- _EXERCISE BRIEF_: Only the text of the records belongs in the answer; the pictures must be dropped.

- _EXTRACTED RECORDS_:
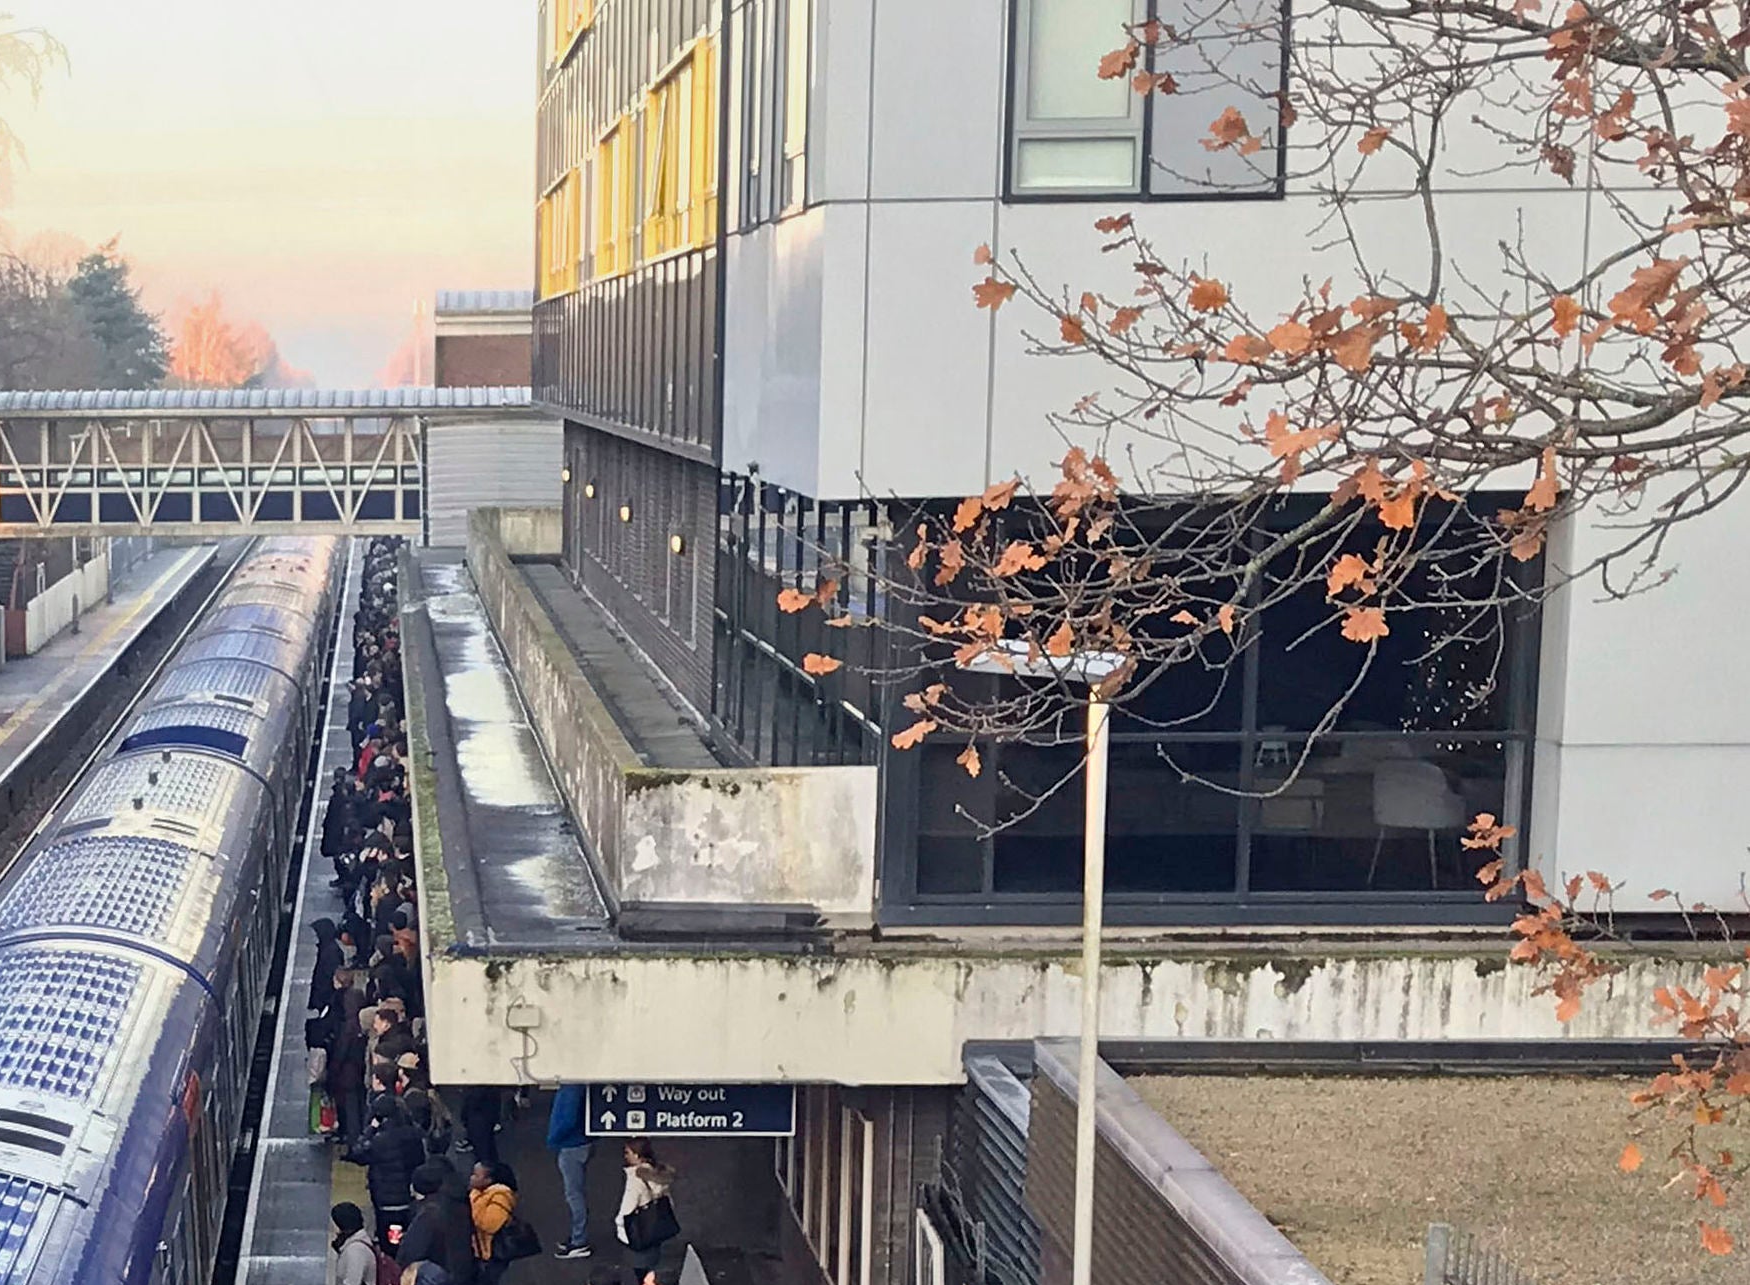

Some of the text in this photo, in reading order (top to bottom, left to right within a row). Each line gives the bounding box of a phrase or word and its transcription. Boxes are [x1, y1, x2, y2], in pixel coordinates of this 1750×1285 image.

[657, 1086, 727, 1105] Way out
[656, 1111, 744, 1128] Platform 2
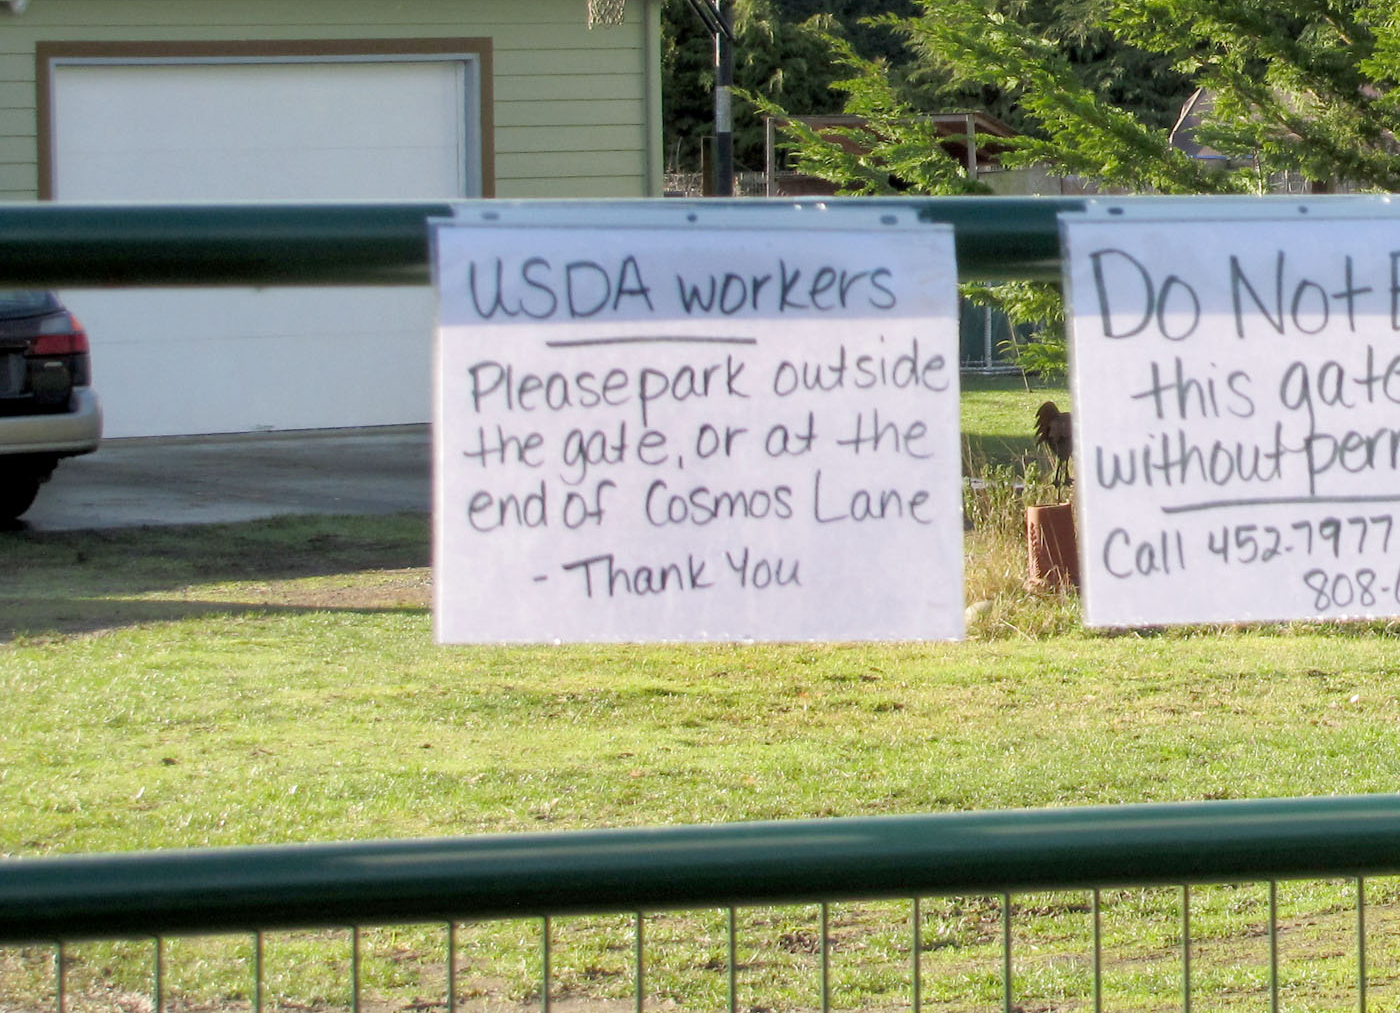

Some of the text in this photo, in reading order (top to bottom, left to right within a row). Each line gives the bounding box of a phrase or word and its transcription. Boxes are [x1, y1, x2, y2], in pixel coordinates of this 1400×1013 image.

[468, 255, 898, 320] USDA workers
[1089, 248, 1201, 341] Do
[1229, 249, 1373, 339] Not
[468, 336, 949, 428] Please park outside
[1132, 356, 1256, 420] this
[463, 409, 934, 484] the gate, or at the
[1095, 421, 1293, 489] without
[467, 470, 934, 532] end of Cosmos Lane
[726, 547, 801, 588] You
[1102, 528, 1185, 579] Call
[1207, 515, 1393, 564] 452-7977
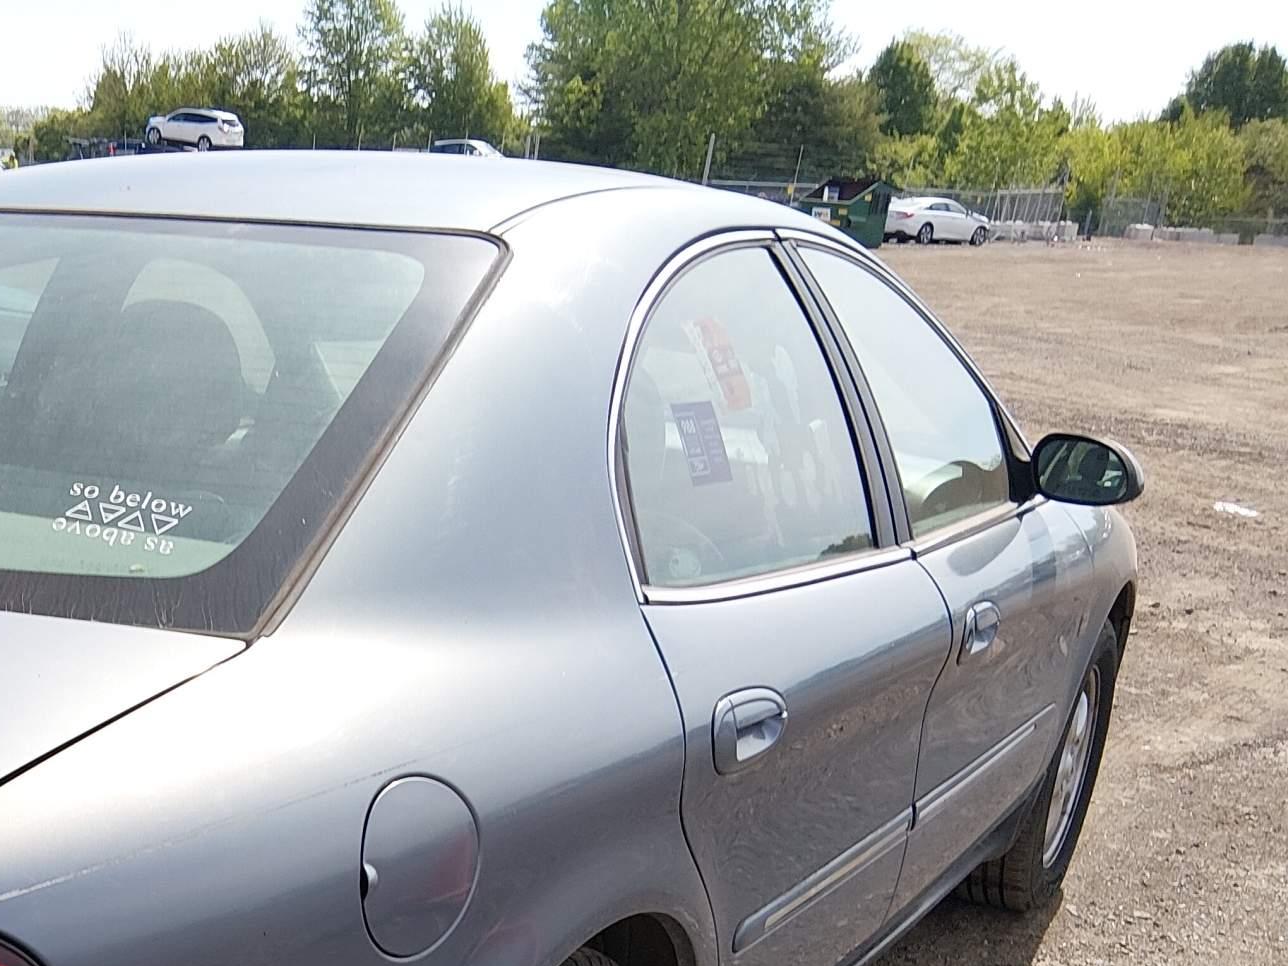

- _OUTPUT BELOW_:
Some of the text in this photo, in reading order (top to bottom, left to right within a row). Each line gives the bounding box of a phrase or word and its transcription. Boxes are [x1, y1, x2, y2], in pixel coordinates of this 1750×1285 image.

[657, 1086, 727, 1105] Way out
[656, 1111, 744, 1128] Platform 2

Some of the text in this photo, in reading order (top to bottom, left to right within a row). Each line gives the bounding box of a phrase or word and its transcription. Boxes are [x1, y1, x2, y2], in pixel coordinates of this 1400×1013 image.

[468, 255, 898, 320] USDA workers
[1089, 248, 1201, 341] Do
[1229, 249, 1373, 339] Not
[468, 336, 949, 428] Please park outside
[1132, 356, 1256, 420] this
[463, 409, 934, 484] the gate, or at the
[1095, 421, 1293, 489] without
[467, 470, 934, 532] end of Cosmos Lane
[726, 547, 801, 588] You
[1102, 528, 1185, 579] Call
[1207, 515, 1393, 564] 452-7977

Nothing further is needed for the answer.